Mejorando mi Vida 2ª PARTE (1 de 3)







1ª parte
La vida como una de las Top-Models más conocidas del Mundo era maravillosa y poco a poco iba olvidando mis deseos de venganza contra la mujer que me había abandonado. La vida debería ser maravillosa y mi felicidad completa, pero había algo que cada día me dolía más y me quitaba horas de sueño. Cuando yo era hombre había tenido dos hijos con Carmen. Ellos habían sido la fuerza que me ayudó a resistir mis problemas labora les y los días del difícil divorcio con Carmen. Ahora sin embargo no podía verlos y eso me dolía en el alma y me hacía que no pudiera disfrutar la vida maravillosa que en esos momentos tenía.
2
Llevada por el corazón y sin apenas pensarlo por lo mucho que quería a mis hijos me dispuse a hacer el mayor sacrificio de mi vida. Una tarde llamé a Carmen y me presenté como la modelo internacional Karolina Kurkova. Tardé unos minutos en convencerla de que no era broma lo que le contaba y que al otro lado de línea telefónica estaba una de las personas más admiradas del planeta y que estaba gastando su tiempo libre llamando telefónicamente a esta mujer normal y corriente para proponerle un trato importantísimo. No me creyó hasta que un mensajero le llevó un billete de avión y una reserva para el mejor hotel de Paris donde deberíamos vernos las dos.
3
Ese fin de semana debía viajar a París para una sesión de fotografías, al menos en teoría. Porque en realidad llegue a París el Jueves por la mañana y esa misma tarde me dirigí al hotel donde debería estar hospedada Carmen y dónde le iba a ofrecer todo lo que tengo a cambio de volver a ver a mis hijos.
Me vestí' de una forma muy especial para la ocasión. Elegí un vestido verde entallado imposible de vestir a menos que seas una de las mujeres más bellas del planeta, un bolso de Chanel de mi último desfile en nueva York y los tacones más altos que encontré en mi armario. Sabía que posiblemente era la última vez que pudiera vestir tan sexy y ser admirada y que nunca más podría usar unos zapatos tan femeninos y bellos. Eché una última mirada a mi espalda intentando recordar estos últimos instantes y entré al hotel del cual ya no saldría hasta que volviera a Barcelona para ver a mis hijos.
4
Cuando la vi, Carmen volvió a decepcionarme. Apenas tenía 38 años, pero aparentaba al menos 5 ó 6 más. Había ganado 10 kilos y se había vestido con un vestido barato negro, nada que ver con la ropa de firma y carísima que yo había vestido estos últimos meses. No entendía en que tiraba el dinero que yo le mandaba todos los meses para vestir tan pobremente y tener tan poco estilo. Además, se había pintado el pelo de rubio con un tinte cochambroso que resultaba aún más ridículo cuando se comparaba con mi natural rubio.
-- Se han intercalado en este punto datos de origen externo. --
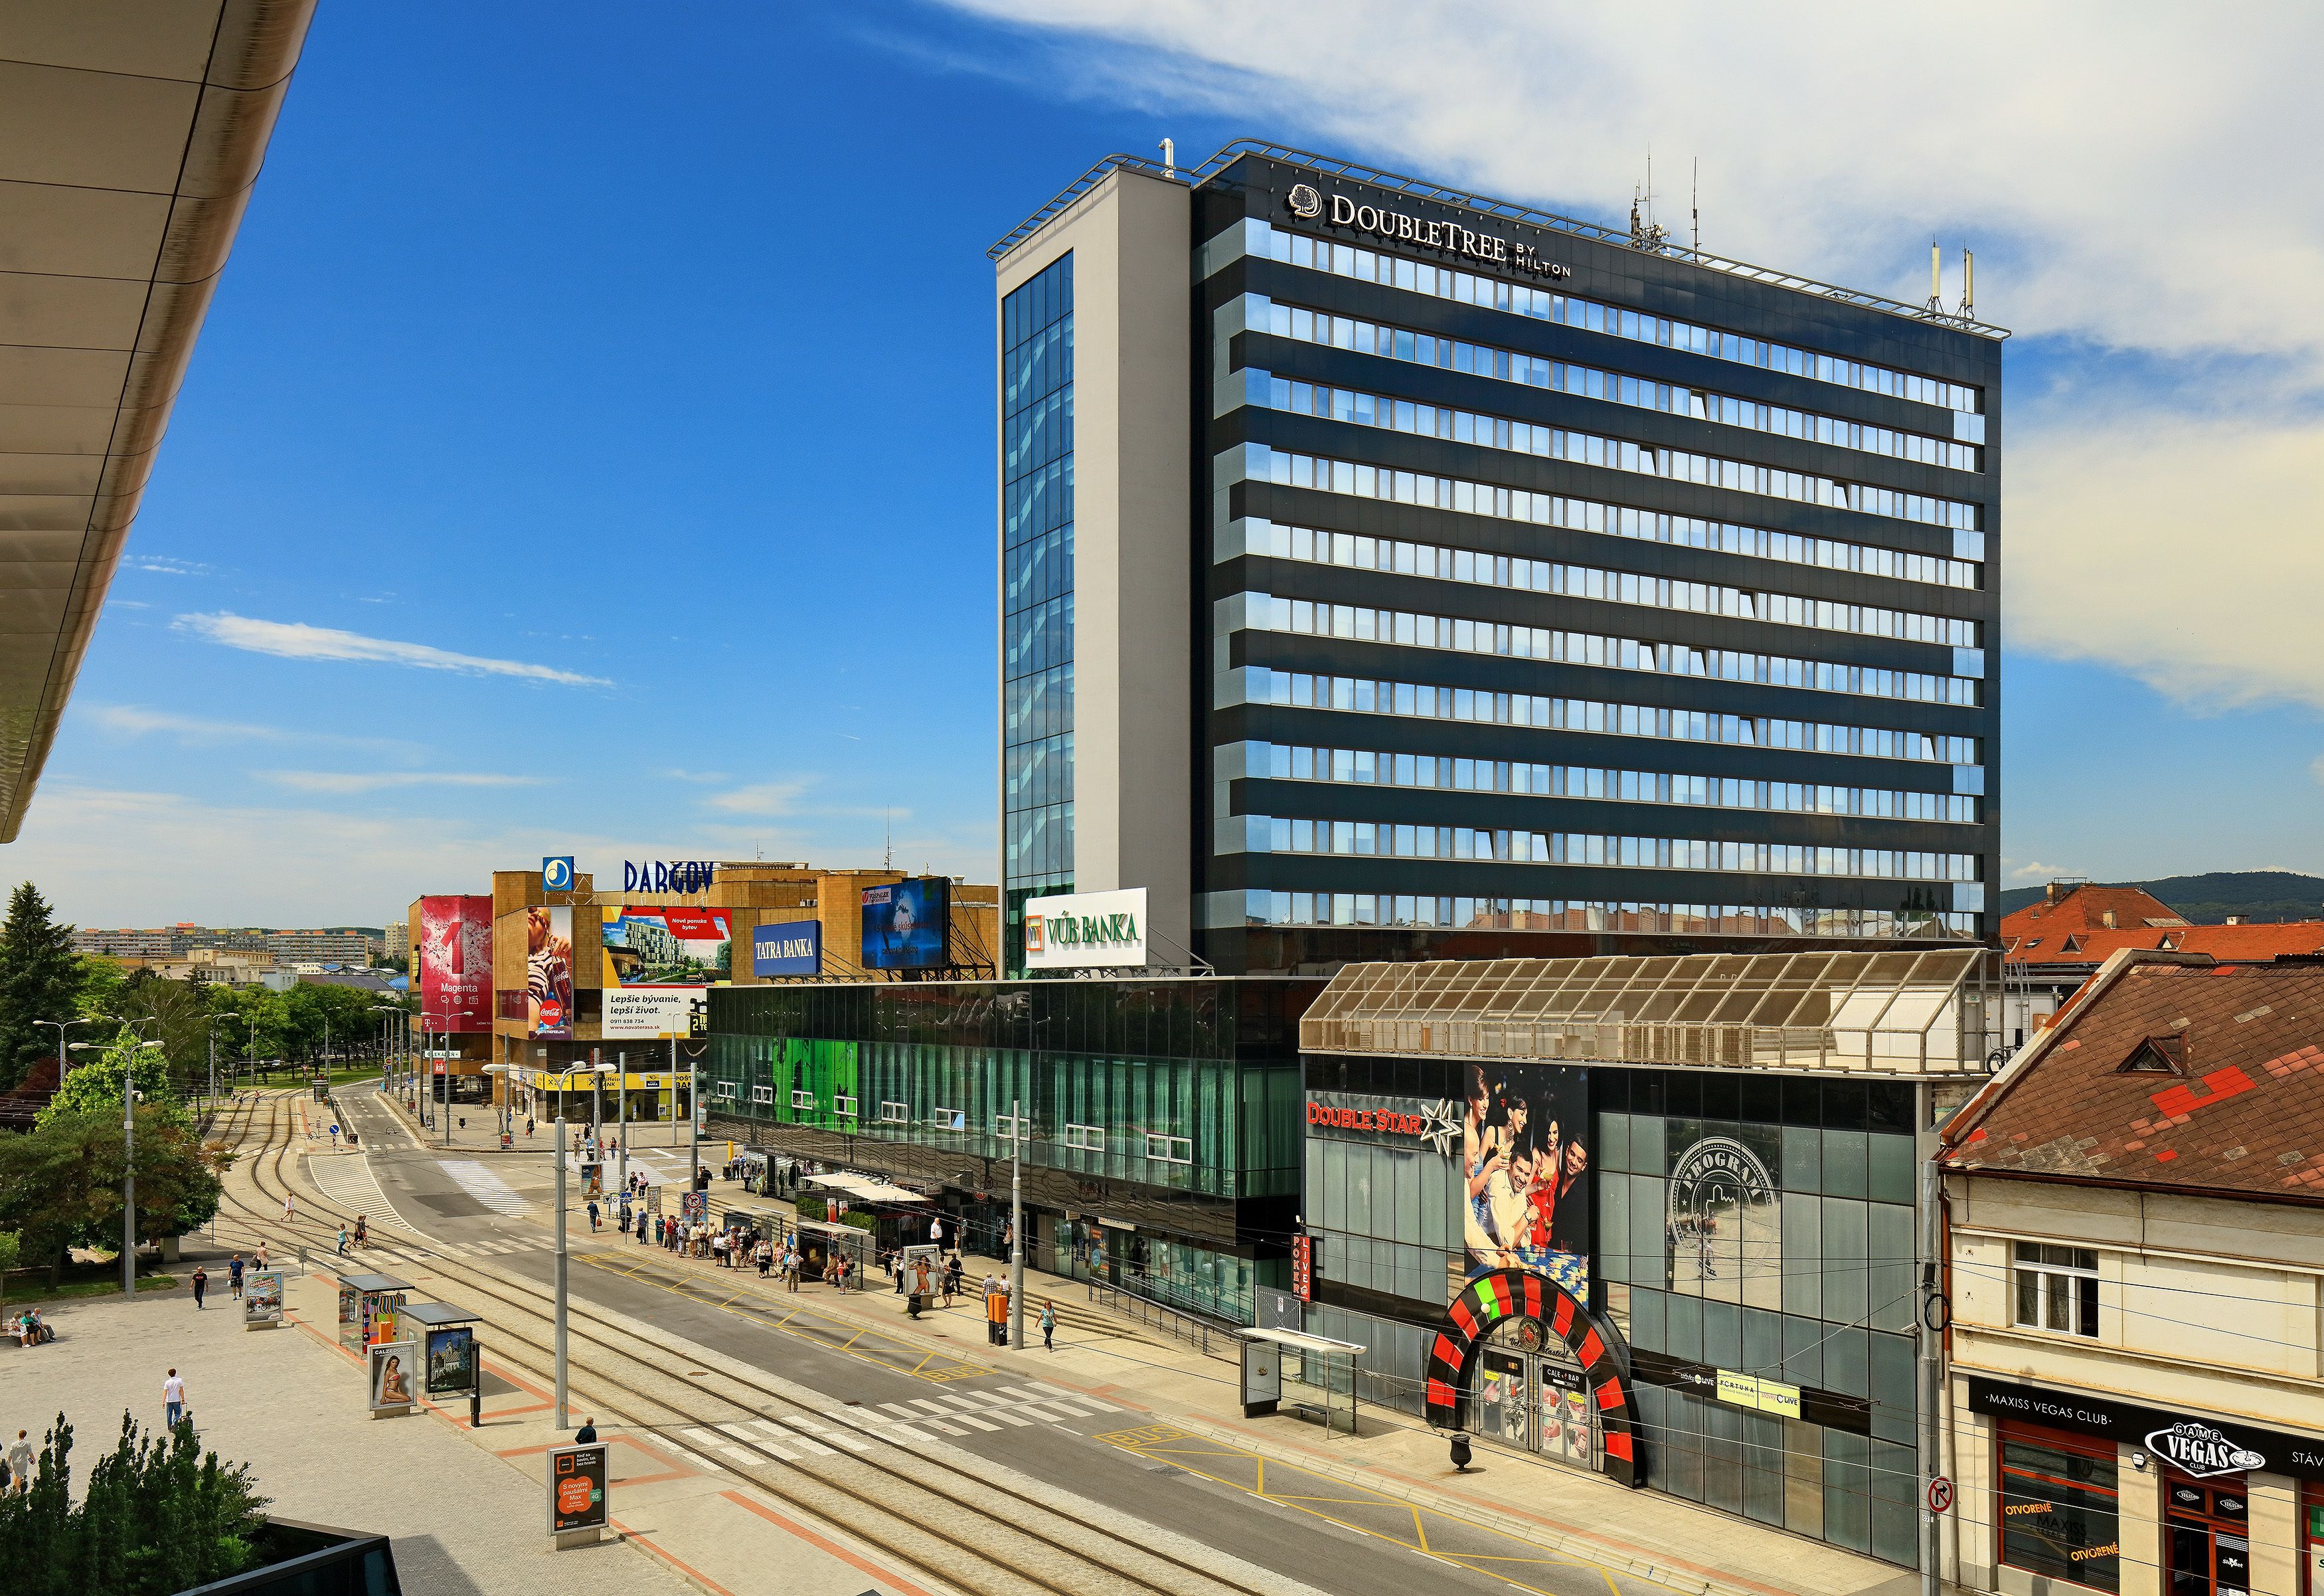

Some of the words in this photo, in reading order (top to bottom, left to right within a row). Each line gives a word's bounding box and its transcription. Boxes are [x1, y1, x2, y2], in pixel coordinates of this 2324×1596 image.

Se mostró encantada cuando vió que una Top Model como yo se dignaba en dirigirle la palabra. Para mi resultaba humillante charlar con esa mujer que tanto odiaba y ridículo porque yo era casi 20 cm más alta que ella con esos tacones. Tras una conversación en la que ella aparecía cortada y muy intimidada por mi presencia le hice el ofrecimiento que tanto había meditado.
¿QUIERES CAMBIAR DE CUERPO CONMIGO? Estoy harta de ser una celebridad y quiero volver a ser una mujer normal. No quise decir nada sobre mis hijos, tenía que mantenerlos al margen. Traigo en el bolso un libro que nos permitirá hacerlo y que te quedarás tras el cambio.
5
Me extrañó lo mucho que me había costado convencerla sólo unos días atrás que por teléfono la llamaba una modelo internacional y lo fácil que me había resultado ahora hacerla creer que Karolina Kurkova quería cambiar de cuerpo con ella. En unos instantes le entregué el libro, le expliqué como usarlo y vi como nerviosamente y con la voz entrecortada ella recitaba el encantamiento de intercambio de cuerpos.
Igual que sucediera tan solo unos meses atrás se me oscureció la vista, sentí desorientación, mi
alma arrancada y depositada en un sitio extraño. Cuando abrí los ojos vi lo que esperaba. Ante mi estaba Karolina Kurkova tocándose la cara, los pechos y con una alegría de loca. La veía reír nerviosamente y de repente se giró, se inclinó para mirarme a los ojos y dijo: “Ahora soy una diosa" "Poco sé pero me doy cuenta de que basta una llamada de Karolina Kurkova para que te expulsen de este país y te intervengan las cuentas...Carmen" "Si no quieres que actué contra ti me vas a decir todo lo que necesito saber para que nadie dude que soy Karolina Kurkova"..."Ja, ¡ajajaja...si hasta pienso en checo, ahora sé hablar en ingles, en francés, en italiano... y por supuesto en español... jajajaja"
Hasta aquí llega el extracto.